- Korytyshche Location within Ukraine Korytyshche Location within Kyiv Oblast
- Coordinates: 49°47′47″N 30°59′33″E﻿ / ﻿49.79639°N 30.99250°E
- Country: Ukraine
- Oblast: Kyiv
- Raion: Obukhiv
- Founded: 1600
- Area: 15.9 km^{2} (6.1 sq mi)
- Elevation: 162 m (531 ft)
- Population (2001): 238
- • Density: 15.0/km^{2} (38.8/sq mi)
- Time zone: UTC+2 (EET)
- • Summer (DST): UTC+3 (EEST)
- Postal code: 08800
- Area code: +380 4574

= Korytyshche, Kyiv Oblast =

Korytyshche (Коритище) is a village (selo) in Obukhiv Raion, Kyiv Oblast, in south-west Ukraine. It belongs to Myronivka urban hromada, one of the hromadas of Ukraine.

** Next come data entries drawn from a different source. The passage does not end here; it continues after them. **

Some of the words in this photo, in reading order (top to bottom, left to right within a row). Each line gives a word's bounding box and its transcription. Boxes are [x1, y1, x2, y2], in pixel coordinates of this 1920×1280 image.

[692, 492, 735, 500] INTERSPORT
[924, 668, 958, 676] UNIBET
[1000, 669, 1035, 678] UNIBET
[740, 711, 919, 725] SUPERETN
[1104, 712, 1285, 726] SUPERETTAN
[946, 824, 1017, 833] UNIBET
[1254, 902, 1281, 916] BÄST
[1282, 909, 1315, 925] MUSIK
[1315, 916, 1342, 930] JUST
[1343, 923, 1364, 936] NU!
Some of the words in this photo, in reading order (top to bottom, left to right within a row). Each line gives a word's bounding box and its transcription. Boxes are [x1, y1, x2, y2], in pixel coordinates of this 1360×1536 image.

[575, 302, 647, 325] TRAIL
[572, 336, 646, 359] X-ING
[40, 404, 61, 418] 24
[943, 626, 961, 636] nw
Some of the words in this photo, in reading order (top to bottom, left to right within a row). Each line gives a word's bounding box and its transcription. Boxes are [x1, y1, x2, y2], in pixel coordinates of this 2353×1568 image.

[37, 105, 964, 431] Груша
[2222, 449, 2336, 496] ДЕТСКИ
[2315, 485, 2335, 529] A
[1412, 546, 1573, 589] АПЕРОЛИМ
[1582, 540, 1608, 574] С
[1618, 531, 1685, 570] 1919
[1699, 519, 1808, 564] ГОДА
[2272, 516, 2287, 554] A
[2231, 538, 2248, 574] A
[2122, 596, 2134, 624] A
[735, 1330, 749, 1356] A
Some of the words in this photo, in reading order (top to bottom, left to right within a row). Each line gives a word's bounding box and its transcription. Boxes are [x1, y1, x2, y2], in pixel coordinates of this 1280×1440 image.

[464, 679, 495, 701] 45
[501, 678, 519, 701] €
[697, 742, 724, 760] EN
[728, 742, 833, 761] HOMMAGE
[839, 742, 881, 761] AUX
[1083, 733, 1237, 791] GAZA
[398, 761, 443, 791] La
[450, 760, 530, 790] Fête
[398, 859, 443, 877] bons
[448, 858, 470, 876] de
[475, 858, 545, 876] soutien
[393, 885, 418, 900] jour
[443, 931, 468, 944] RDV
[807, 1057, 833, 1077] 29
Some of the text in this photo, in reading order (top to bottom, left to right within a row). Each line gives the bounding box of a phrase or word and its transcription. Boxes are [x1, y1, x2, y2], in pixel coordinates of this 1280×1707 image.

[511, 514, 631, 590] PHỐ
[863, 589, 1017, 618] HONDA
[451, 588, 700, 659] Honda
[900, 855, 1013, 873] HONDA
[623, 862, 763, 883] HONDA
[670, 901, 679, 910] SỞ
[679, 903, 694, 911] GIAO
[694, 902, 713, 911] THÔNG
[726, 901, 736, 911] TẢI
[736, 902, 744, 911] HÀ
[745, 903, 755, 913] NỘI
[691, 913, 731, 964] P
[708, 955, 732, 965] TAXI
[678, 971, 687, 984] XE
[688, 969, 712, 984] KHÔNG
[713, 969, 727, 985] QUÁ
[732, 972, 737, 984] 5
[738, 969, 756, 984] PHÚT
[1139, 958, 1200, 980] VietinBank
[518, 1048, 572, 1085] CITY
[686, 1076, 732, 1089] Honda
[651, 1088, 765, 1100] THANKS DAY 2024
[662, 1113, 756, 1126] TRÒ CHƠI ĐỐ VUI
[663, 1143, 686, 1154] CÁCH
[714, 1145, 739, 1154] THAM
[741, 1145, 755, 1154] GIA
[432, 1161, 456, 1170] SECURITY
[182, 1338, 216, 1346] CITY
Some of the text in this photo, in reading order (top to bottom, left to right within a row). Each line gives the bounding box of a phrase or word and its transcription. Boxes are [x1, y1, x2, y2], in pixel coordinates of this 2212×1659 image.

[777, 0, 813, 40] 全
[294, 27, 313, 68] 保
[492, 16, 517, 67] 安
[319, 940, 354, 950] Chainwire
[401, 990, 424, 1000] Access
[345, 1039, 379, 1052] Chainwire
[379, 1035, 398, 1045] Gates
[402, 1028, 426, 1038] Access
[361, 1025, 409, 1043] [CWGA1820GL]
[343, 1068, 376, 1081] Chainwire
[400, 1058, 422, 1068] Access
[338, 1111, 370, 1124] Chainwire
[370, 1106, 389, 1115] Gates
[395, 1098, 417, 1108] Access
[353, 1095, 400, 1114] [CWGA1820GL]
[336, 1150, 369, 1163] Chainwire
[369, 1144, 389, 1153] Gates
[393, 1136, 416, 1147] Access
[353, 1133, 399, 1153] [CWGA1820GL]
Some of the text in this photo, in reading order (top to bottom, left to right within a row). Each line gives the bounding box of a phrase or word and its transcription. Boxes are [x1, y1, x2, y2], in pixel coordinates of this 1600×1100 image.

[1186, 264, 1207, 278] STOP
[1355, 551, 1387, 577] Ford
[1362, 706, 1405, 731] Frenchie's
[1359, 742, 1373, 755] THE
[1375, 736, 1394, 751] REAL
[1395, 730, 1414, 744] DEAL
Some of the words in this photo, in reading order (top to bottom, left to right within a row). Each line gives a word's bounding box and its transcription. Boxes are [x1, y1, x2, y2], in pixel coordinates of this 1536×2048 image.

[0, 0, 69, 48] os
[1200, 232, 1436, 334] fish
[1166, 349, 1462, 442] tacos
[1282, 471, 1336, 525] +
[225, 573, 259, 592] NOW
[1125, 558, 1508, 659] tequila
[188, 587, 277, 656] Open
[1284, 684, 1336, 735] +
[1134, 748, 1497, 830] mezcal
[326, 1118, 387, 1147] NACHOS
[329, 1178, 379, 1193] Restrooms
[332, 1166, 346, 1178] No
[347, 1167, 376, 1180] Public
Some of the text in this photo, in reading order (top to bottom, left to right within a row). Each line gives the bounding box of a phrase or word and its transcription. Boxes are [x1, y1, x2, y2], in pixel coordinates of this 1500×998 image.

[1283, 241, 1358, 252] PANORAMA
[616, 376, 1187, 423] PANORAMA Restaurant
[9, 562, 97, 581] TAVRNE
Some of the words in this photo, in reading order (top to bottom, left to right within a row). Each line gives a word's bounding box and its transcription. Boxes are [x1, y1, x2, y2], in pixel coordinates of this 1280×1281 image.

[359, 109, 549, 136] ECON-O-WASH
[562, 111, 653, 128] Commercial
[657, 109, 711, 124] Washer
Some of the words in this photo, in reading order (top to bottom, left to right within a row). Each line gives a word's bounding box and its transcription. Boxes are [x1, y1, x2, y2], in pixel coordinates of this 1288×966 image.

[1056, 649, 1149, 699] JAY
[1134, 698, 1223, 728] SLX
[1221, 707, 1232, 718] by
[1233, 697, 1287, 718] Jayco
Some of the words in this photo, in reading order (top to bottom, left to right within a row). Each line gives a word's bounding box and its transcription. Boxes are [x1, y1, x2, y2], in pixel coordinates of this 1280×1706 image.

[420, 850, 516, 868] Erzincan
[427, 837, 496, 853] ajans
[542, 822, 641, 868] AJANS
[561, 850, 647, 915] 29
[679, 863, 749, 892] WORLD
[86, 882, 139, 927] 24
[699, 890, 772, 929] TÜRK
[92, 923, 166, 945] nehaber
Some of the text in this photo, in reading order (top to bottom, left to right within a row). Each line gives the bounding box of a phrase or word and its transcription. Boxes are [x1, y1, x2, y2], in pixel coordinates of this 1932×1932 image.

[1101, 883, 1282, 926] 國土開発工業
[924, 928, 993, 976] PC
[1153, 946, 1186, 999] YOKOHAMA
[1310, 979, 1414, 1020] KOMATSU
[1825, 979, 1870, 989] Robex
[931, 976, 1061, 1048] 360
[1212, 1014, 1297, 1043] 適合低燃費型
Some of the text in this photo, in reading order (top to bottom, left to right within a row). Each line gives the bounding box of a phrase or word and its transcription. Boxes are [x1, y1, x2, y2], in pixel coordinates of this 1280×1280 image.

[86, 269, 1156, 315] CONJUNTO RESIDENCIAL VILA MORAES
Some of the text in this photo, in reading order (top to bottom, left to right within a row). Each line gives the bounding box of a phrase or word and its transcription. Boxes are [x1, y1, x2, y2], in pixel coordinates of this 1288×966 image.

Until 18 July 2020, Korytyshche belonged to Myronivka Raion. The raion was abolished that day as part of the administrative reform of Ukraine, which reduced the number of raions of Kyiv Oblast to seven. The area of Myronivka Raion was merged into Obukhiv Raion.